[Extracted records]

= Beginning of Section =

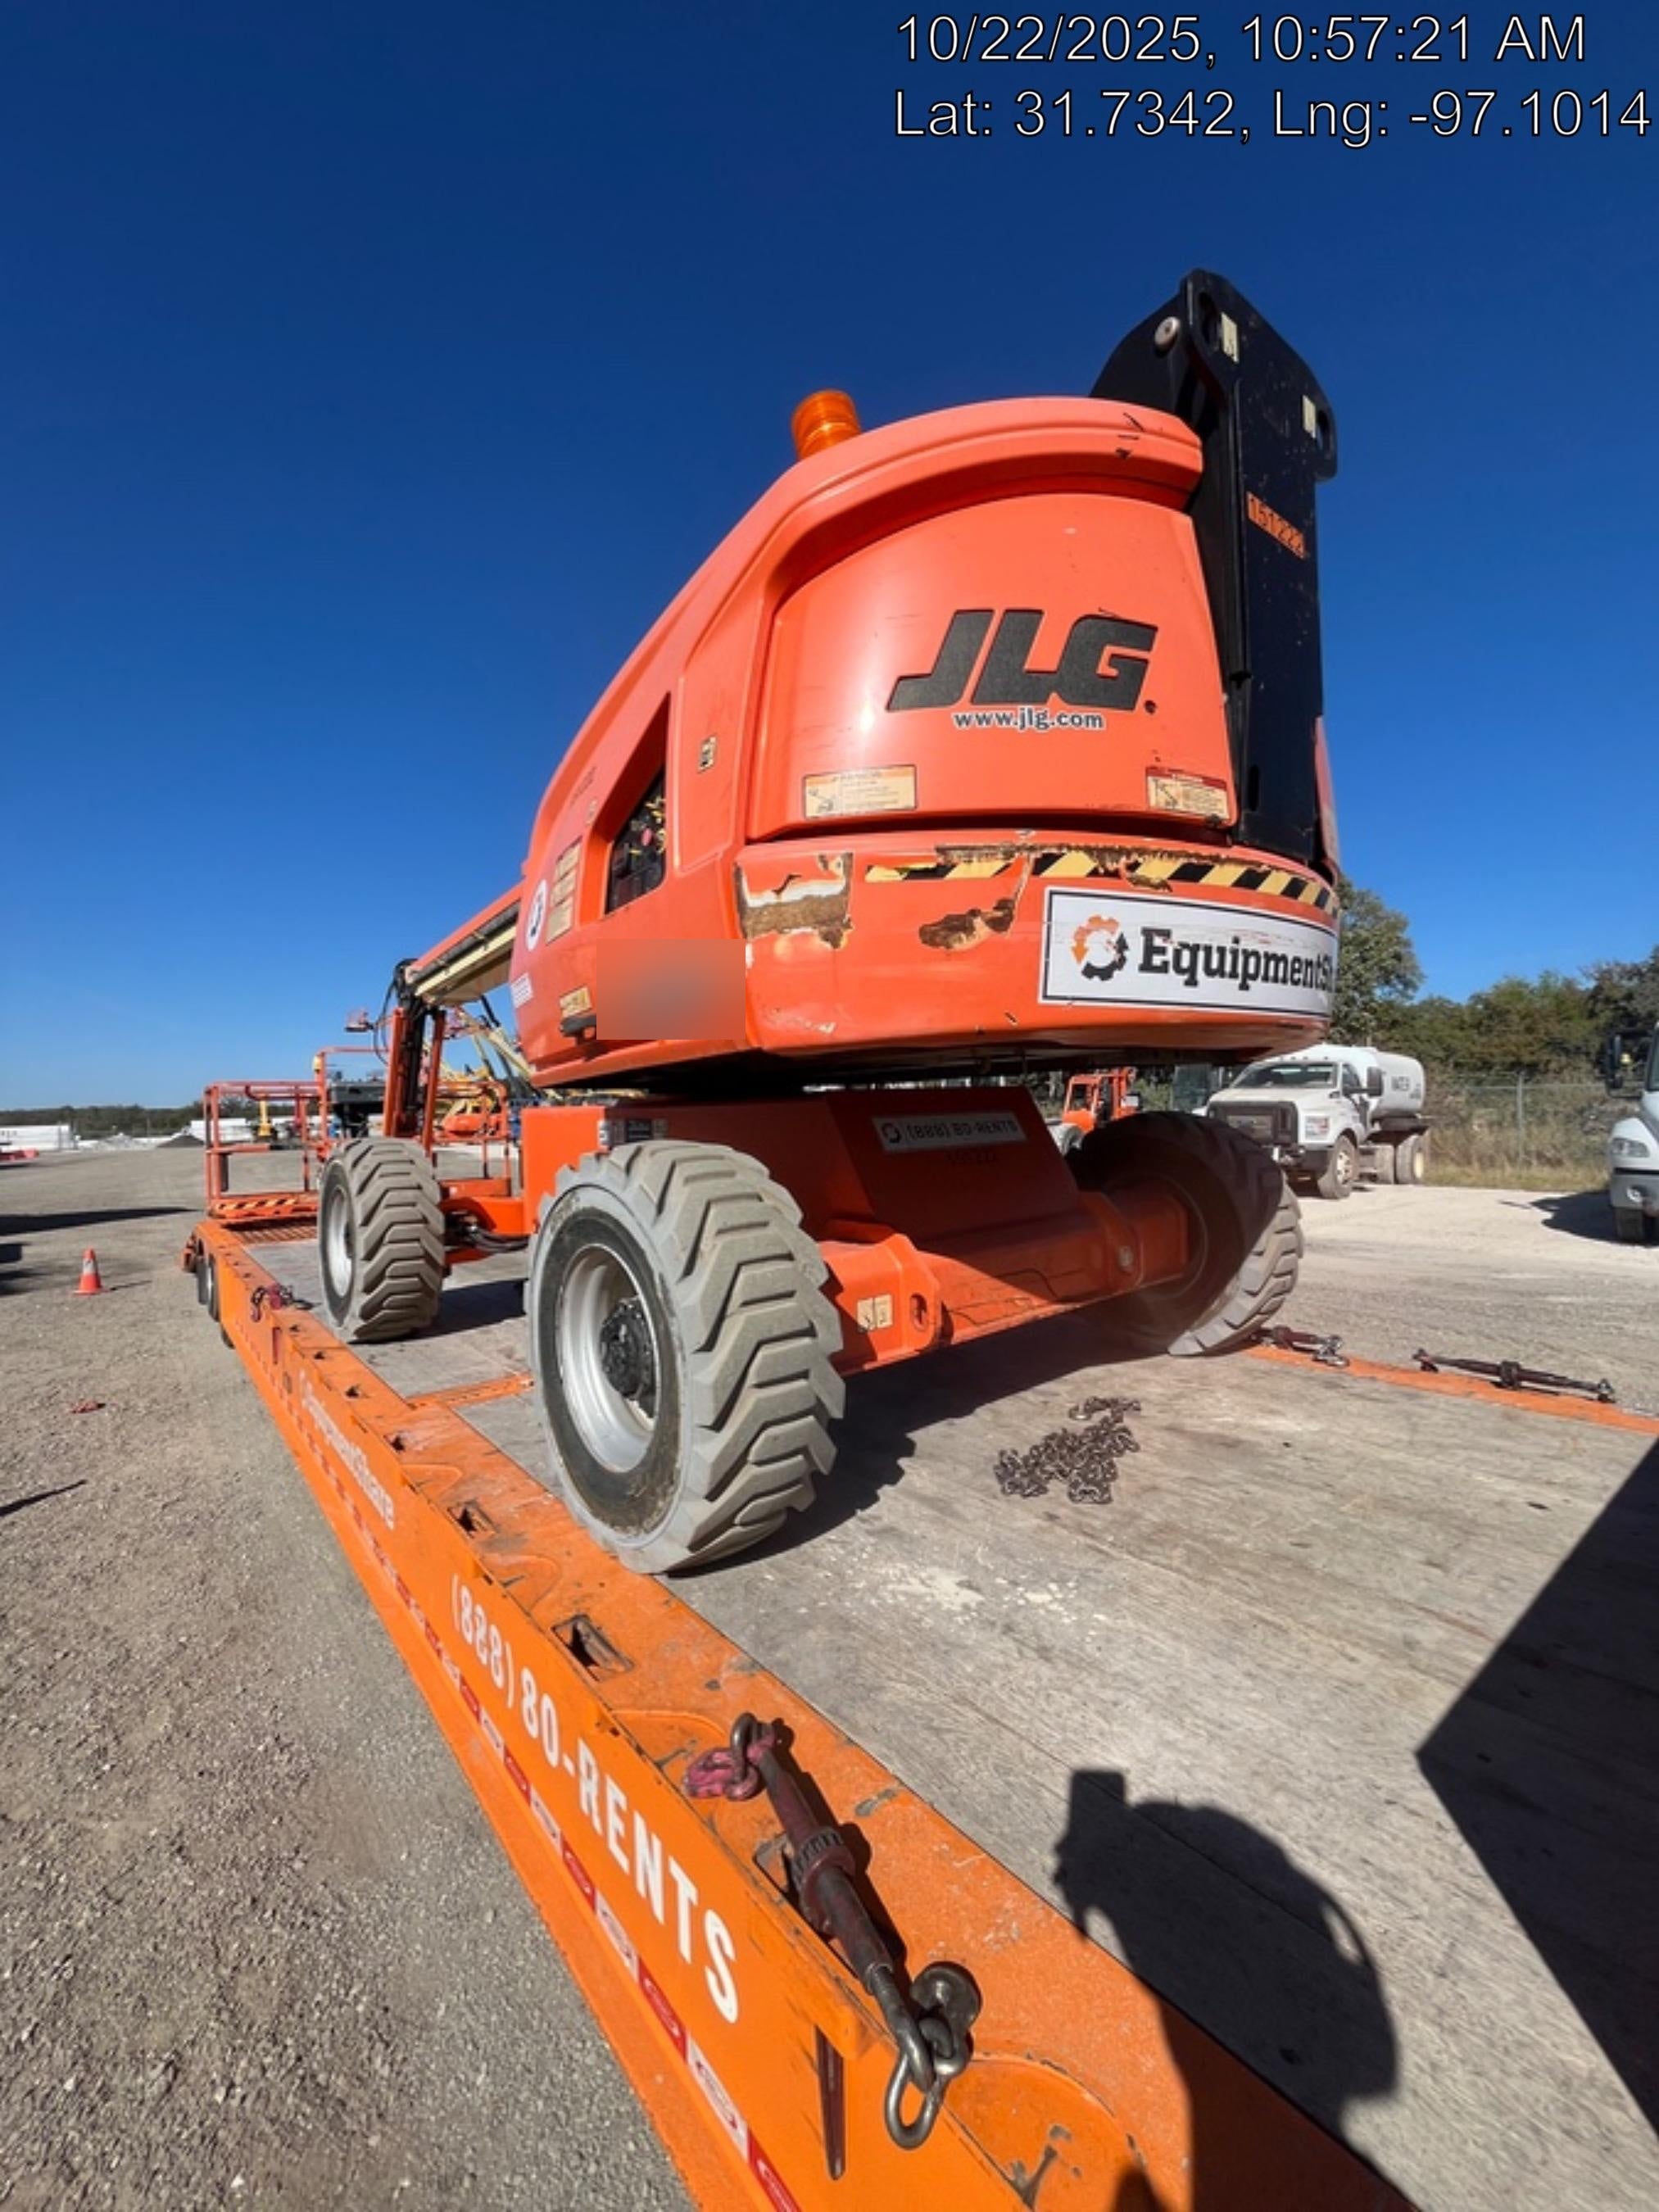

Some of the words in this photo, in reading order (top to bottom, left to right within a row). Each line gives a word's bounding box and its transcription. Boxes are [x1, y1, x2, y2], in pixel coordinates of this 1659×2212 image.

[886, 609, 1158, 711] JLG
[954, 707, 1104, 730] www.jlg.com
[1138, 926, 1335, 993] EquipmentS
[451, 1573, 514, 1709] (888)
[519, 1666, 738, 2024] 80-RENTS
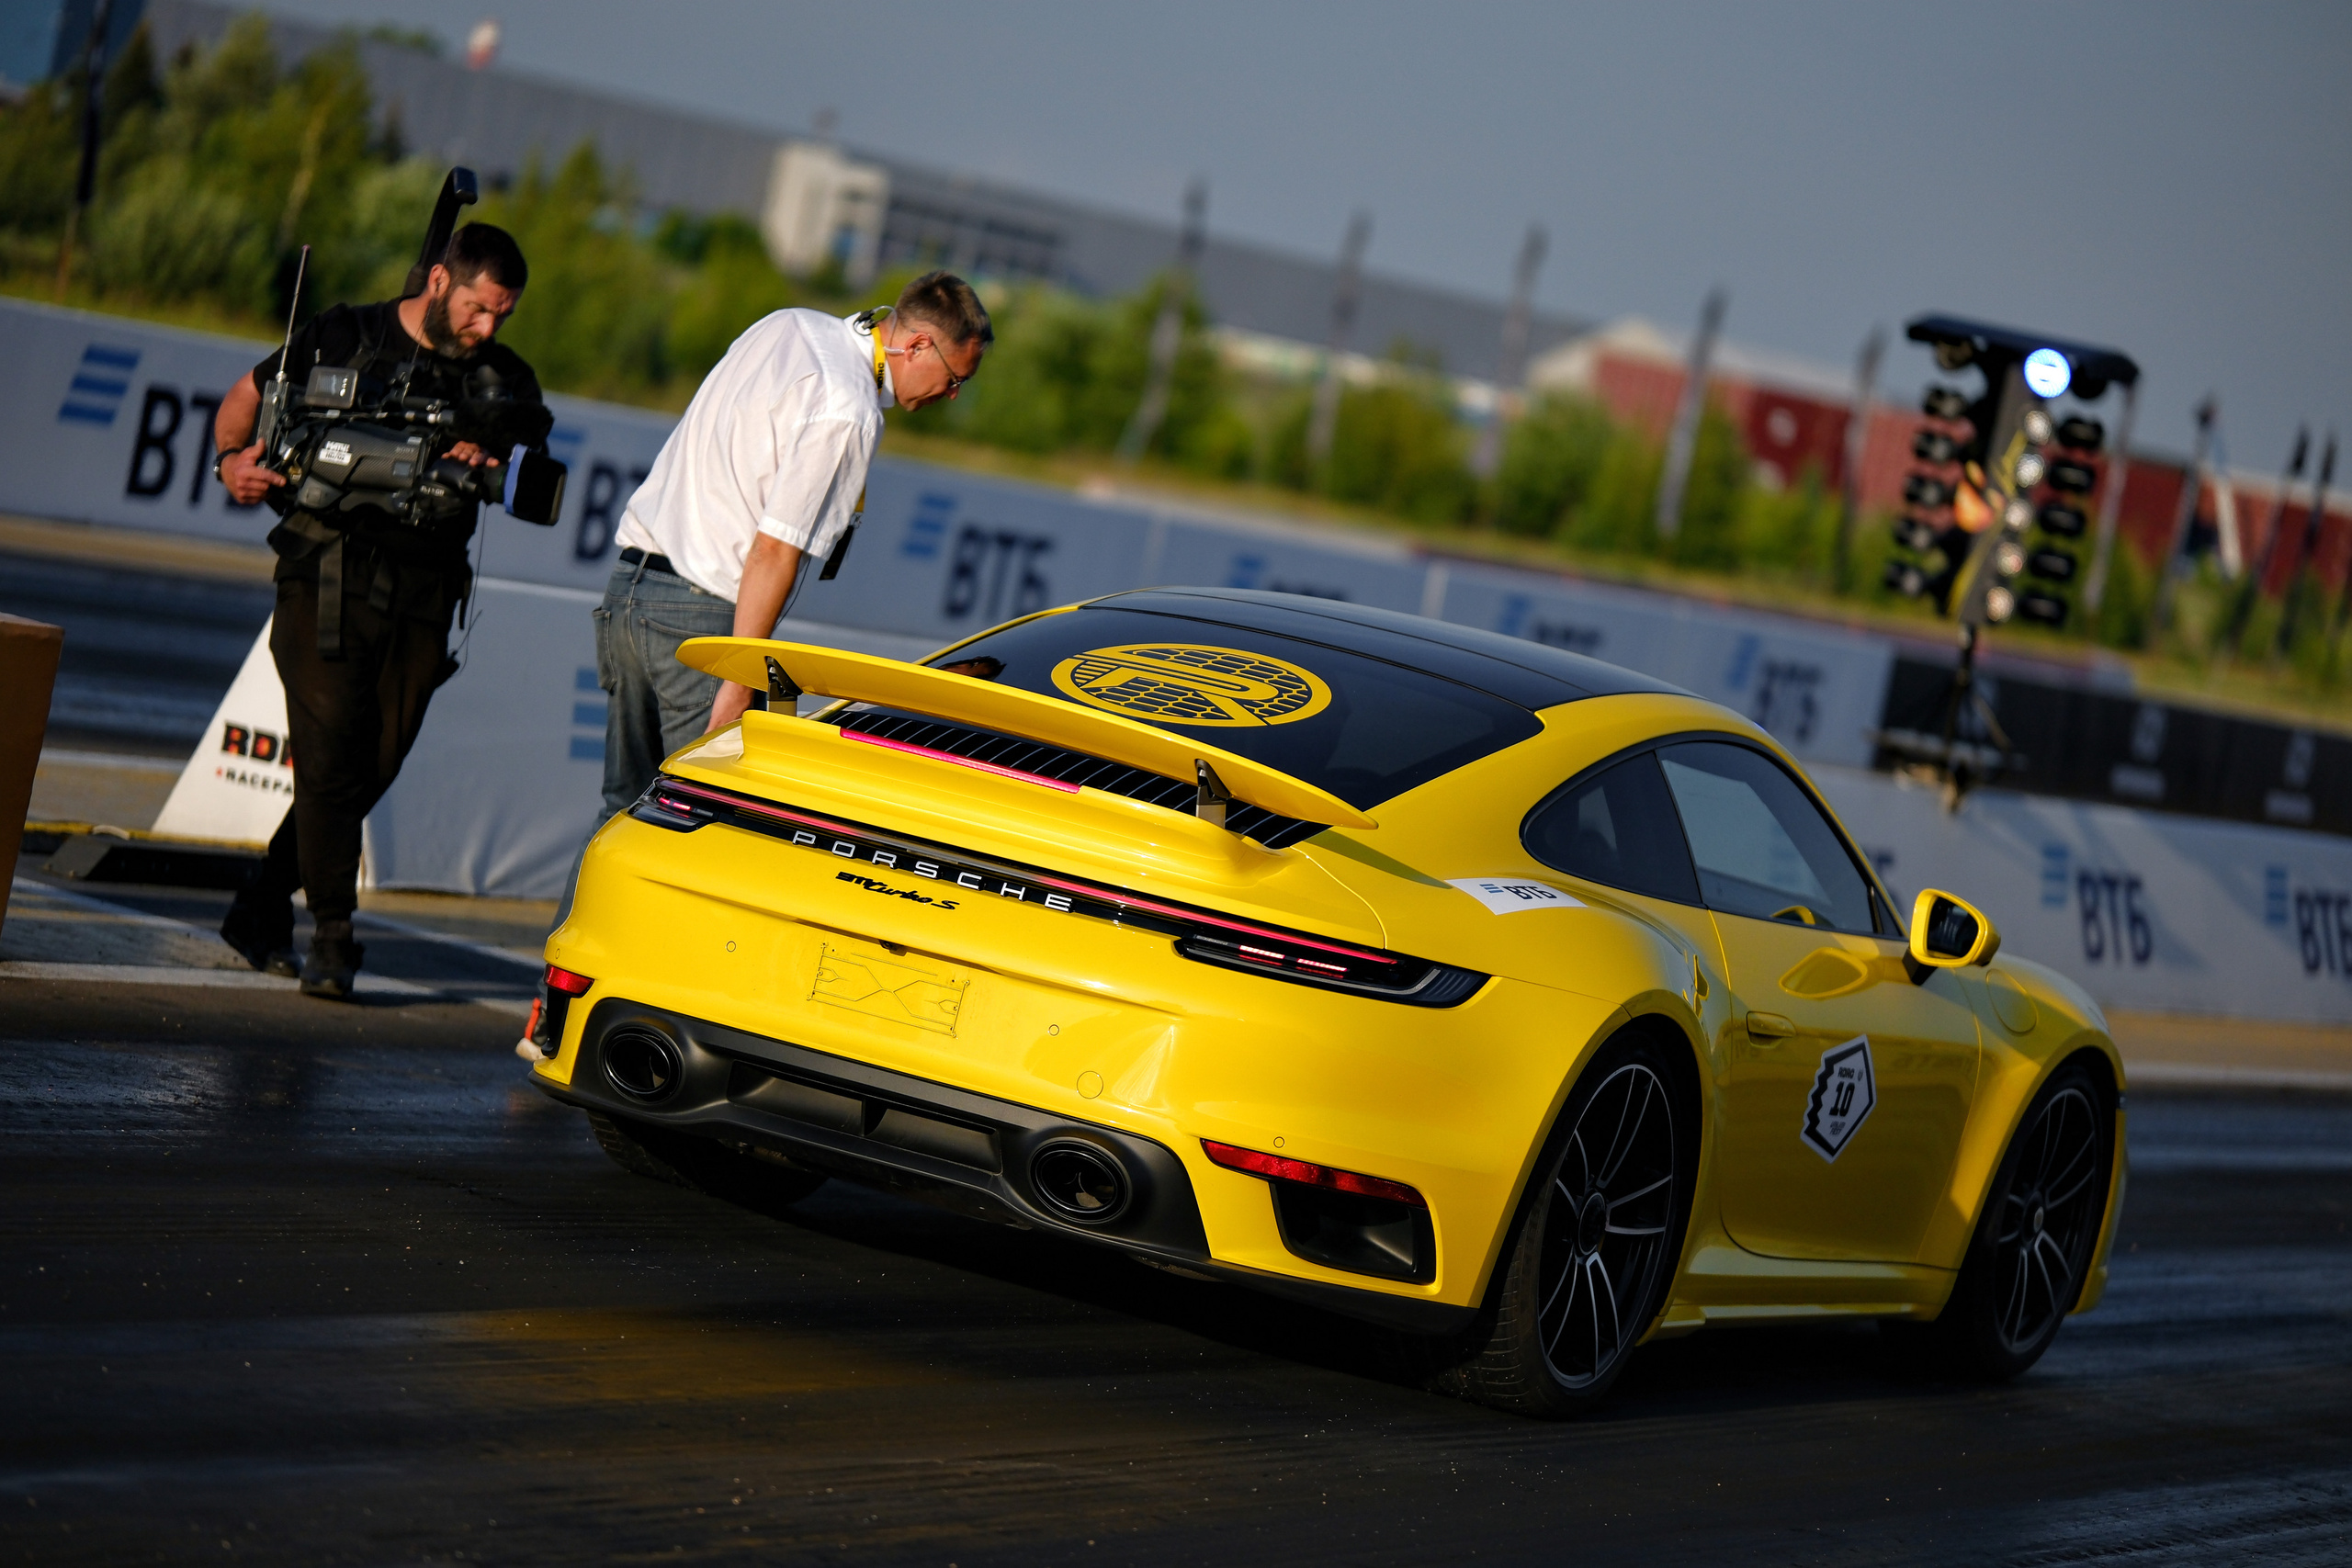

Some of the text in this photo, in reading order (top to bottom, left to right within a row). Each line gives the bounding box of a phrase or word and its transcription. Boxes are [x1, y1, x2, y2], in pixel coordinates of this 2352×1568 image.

= End of Section =

Your instructions >> The entries above are to be returned exactly, without their pictures.

Problem solution >>
Some of the words in this photo, in reading order (top to bottom, left to right within a row). Each line gives a word's bounding box and its transcription. Boxes are [x1, y1, x2, y2], in pixel coordinates of this 1659×2212 image.

[886, 609, 1158, 711] JLG
[954, 707, 1104, 730] www.jlg.com
[1138, 926, 1335, 993] EquipmentS
[451, 1573, 514, 1709] (888)
[519, 1666, 738, 2024] 80-RENTS

Some of the text in this photo, in reading order (top to bottom, left to right within a row). Each line gives the bounding box of a phrase or word and its transcription. Boxes are [x1, y1, x2, y2], in pixel coordinates of this 2352×1568 image.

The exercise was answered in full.